> Aim of the task: Please restate each line of the data that follows word for word, skipping any image.

> Dataset records:
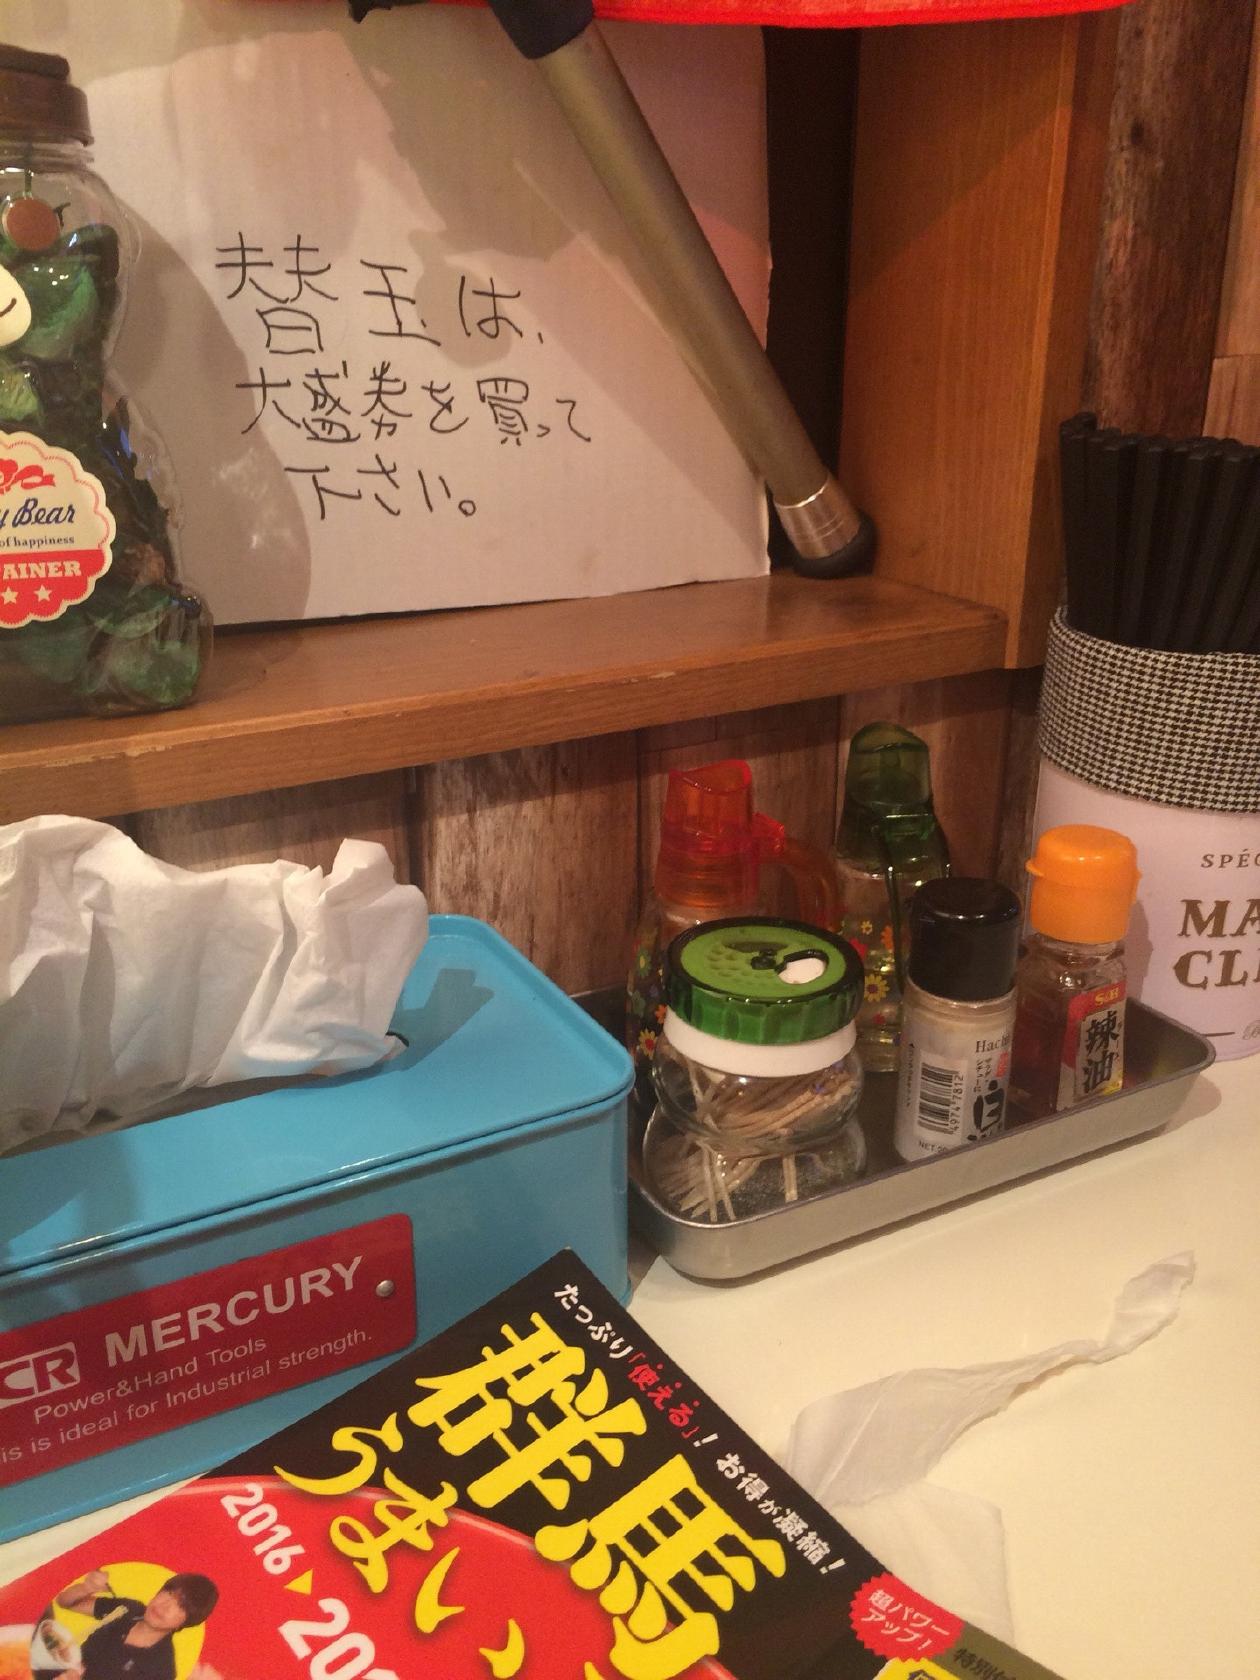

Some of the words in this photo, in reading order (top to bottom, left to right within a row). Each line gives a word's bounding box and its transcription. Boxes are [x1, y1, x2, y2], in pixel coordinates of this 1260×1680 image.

[11, 497, 76, 528] Bear
[14, 535, 75, 550] happiness
[2, 560, 82, 580] AINER
[1172, 949, 1260, 990] CL
[1082, 1010, 1120, 1094] 辣油
[105, 1255, 364, 1368] MERCURY
[31, 1436, 52, 1454] is
[59, 1410, 119, 1444] ideal
[127, 1401, 160, 1421] for
[166, 1362, 271, 1408] Industrial
[278, 1333, 373, 1371] strength.
[33, 1356, 198, 1425] Power&Hand
[207, 1335, 268, 1367] Tools
[220, 1482, 306, 1576] 2016
[407, 1311, 786, 1680] 群馬
[277, 1597, 402, 1680] 20
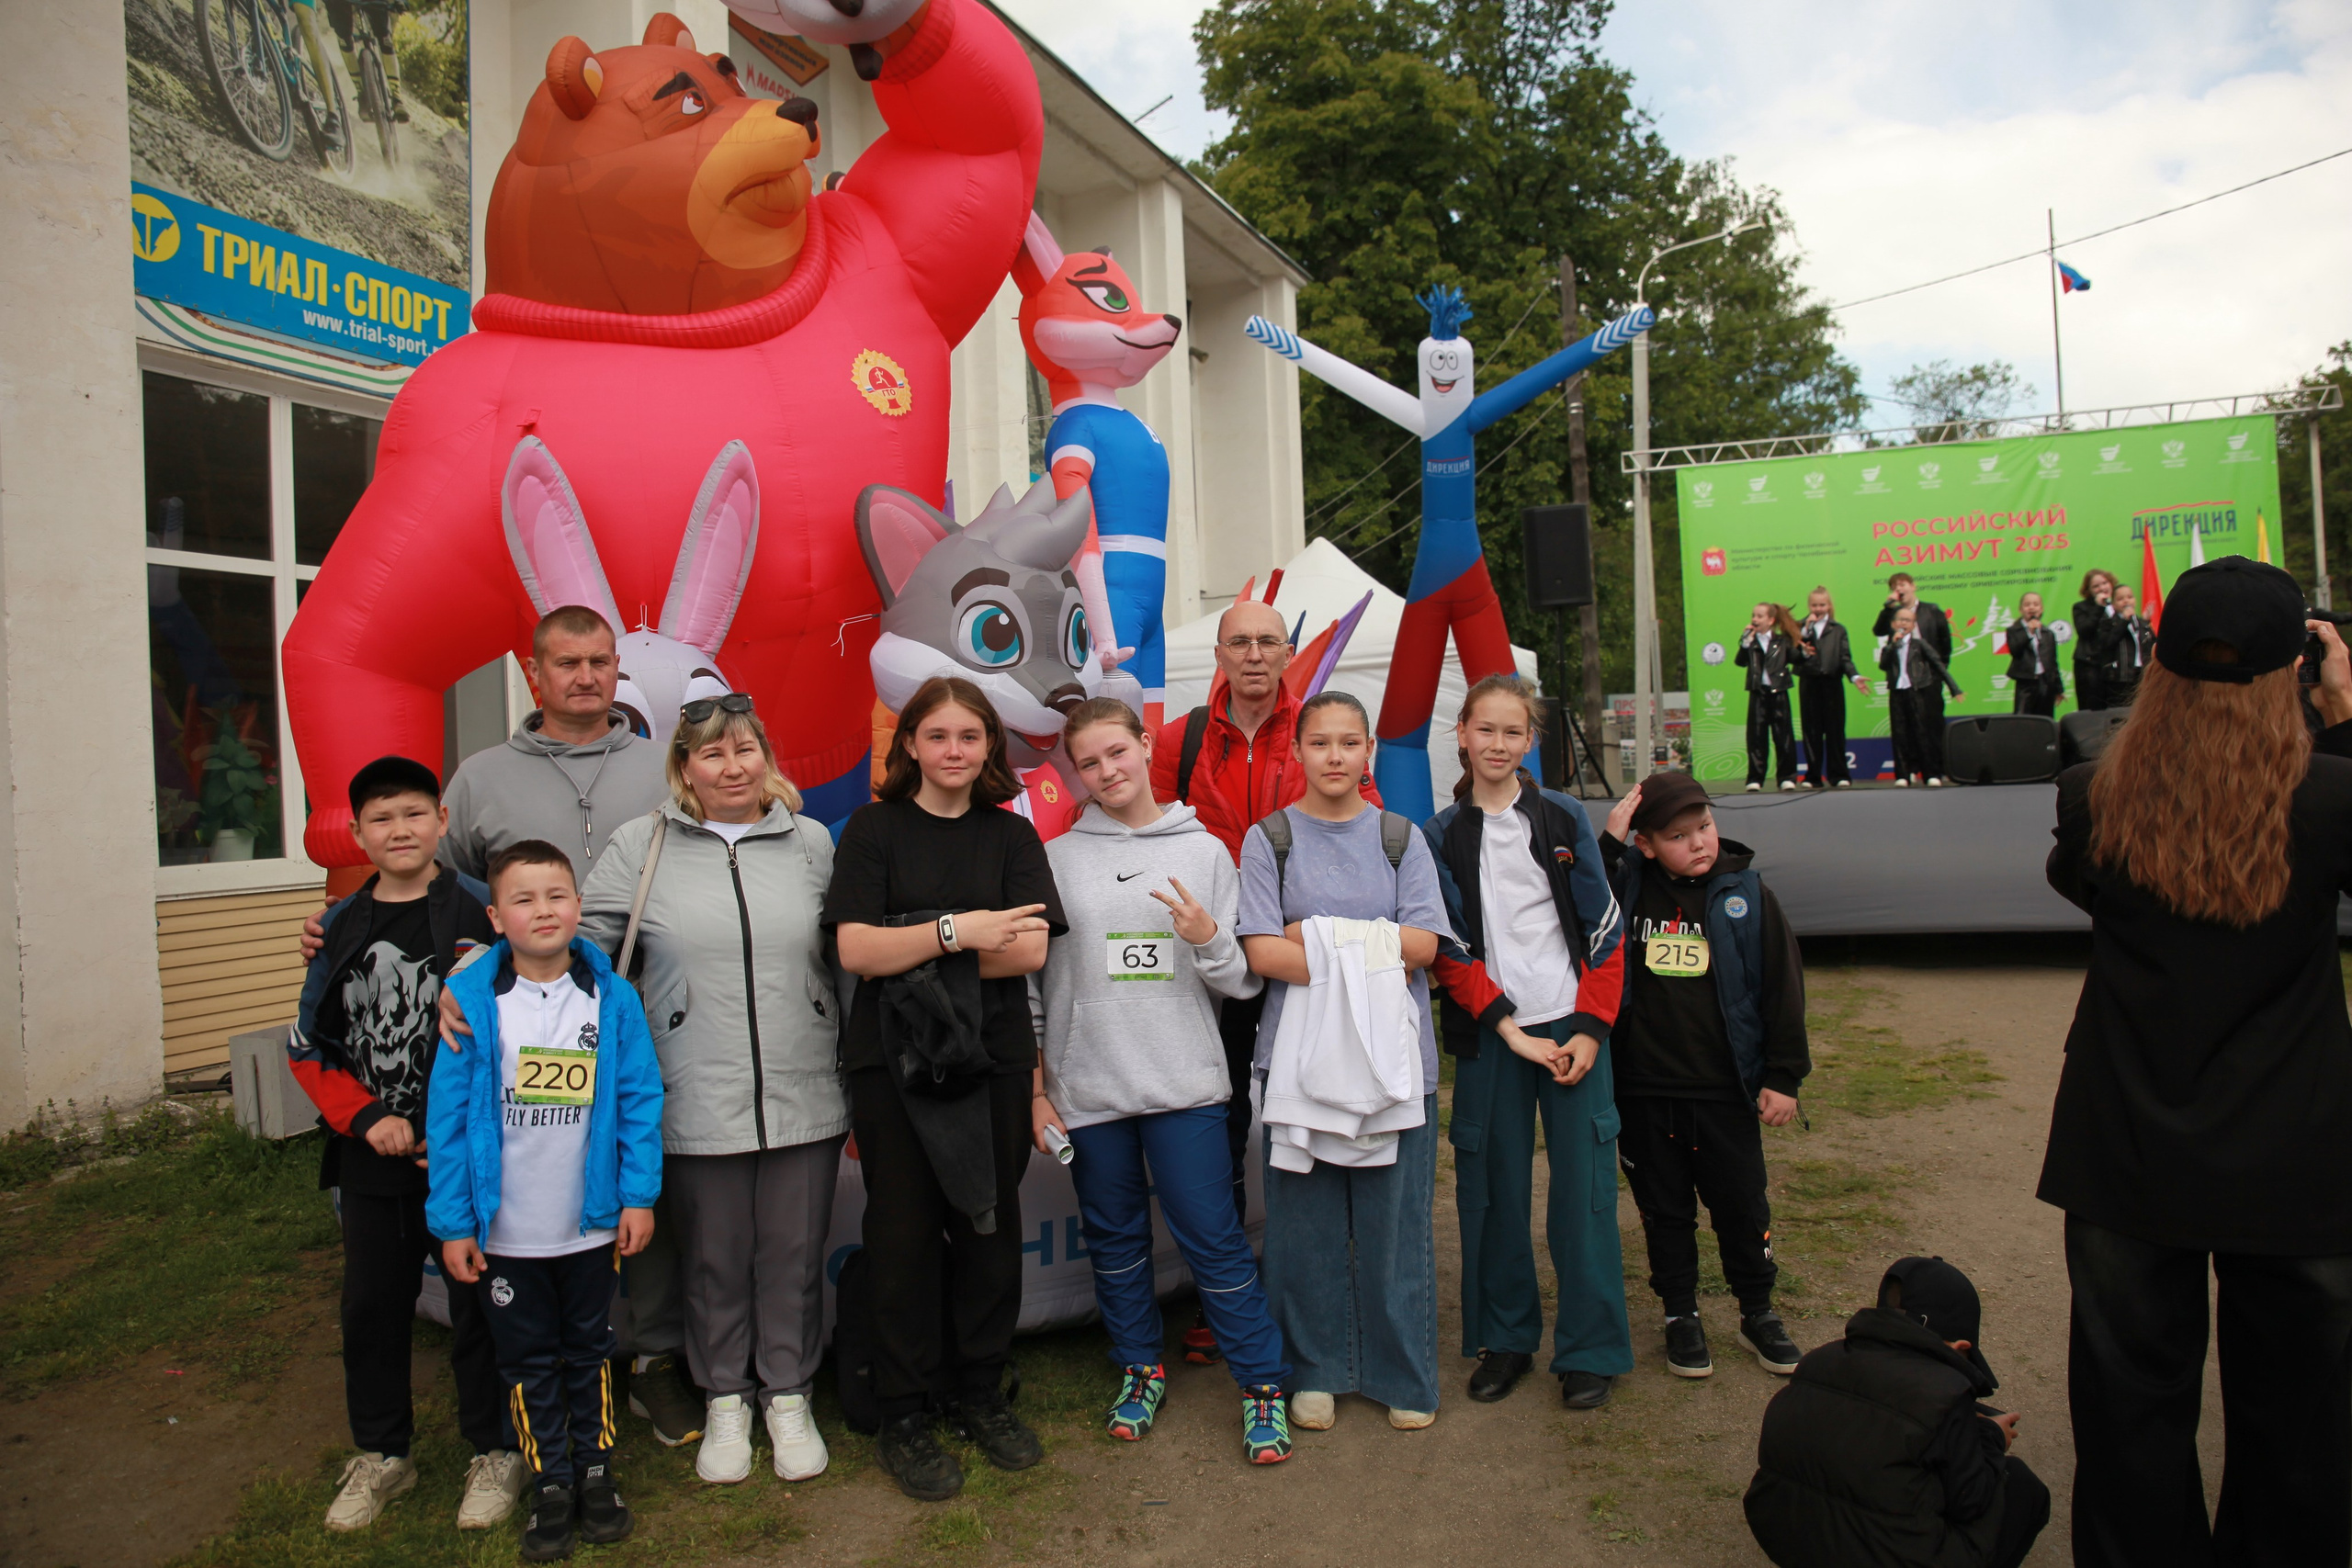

> Written answer:
Some of the words in this photo, in reading order (top to bottom, left to right within a row). Each line gives a word's bounding box and its transcription. Boxes are [x1, y1, x2, y2], in pixel coordinates of this 1260×1680 image.

[11, 497, 76, 528] Bear
[14, 535, 75, 550] happiness
[2, 560, 82, 580] AINER
[1172, 949, 1260, 990] CL
[1082, 1010, 1120, 1094] 辣油
[105, 1255, 364, 1368] MERCURY
[31, 1436, 52, 1454] is
[59, 1410, 119, 1444] ideal
[127, 1401, 160, 1421] for
[166, 1362, 271, 1408] Industrial
[278, 1333, 373, 1371] strength.
[33, 1356, 198, 1425] Power&Hand
[207, 1335, 268, 1367] Tools
[220, 1482, 306, 1576] 2016
[407, 1311, 786, 1680] 群馬
[277, 1597, 402, 1680] 20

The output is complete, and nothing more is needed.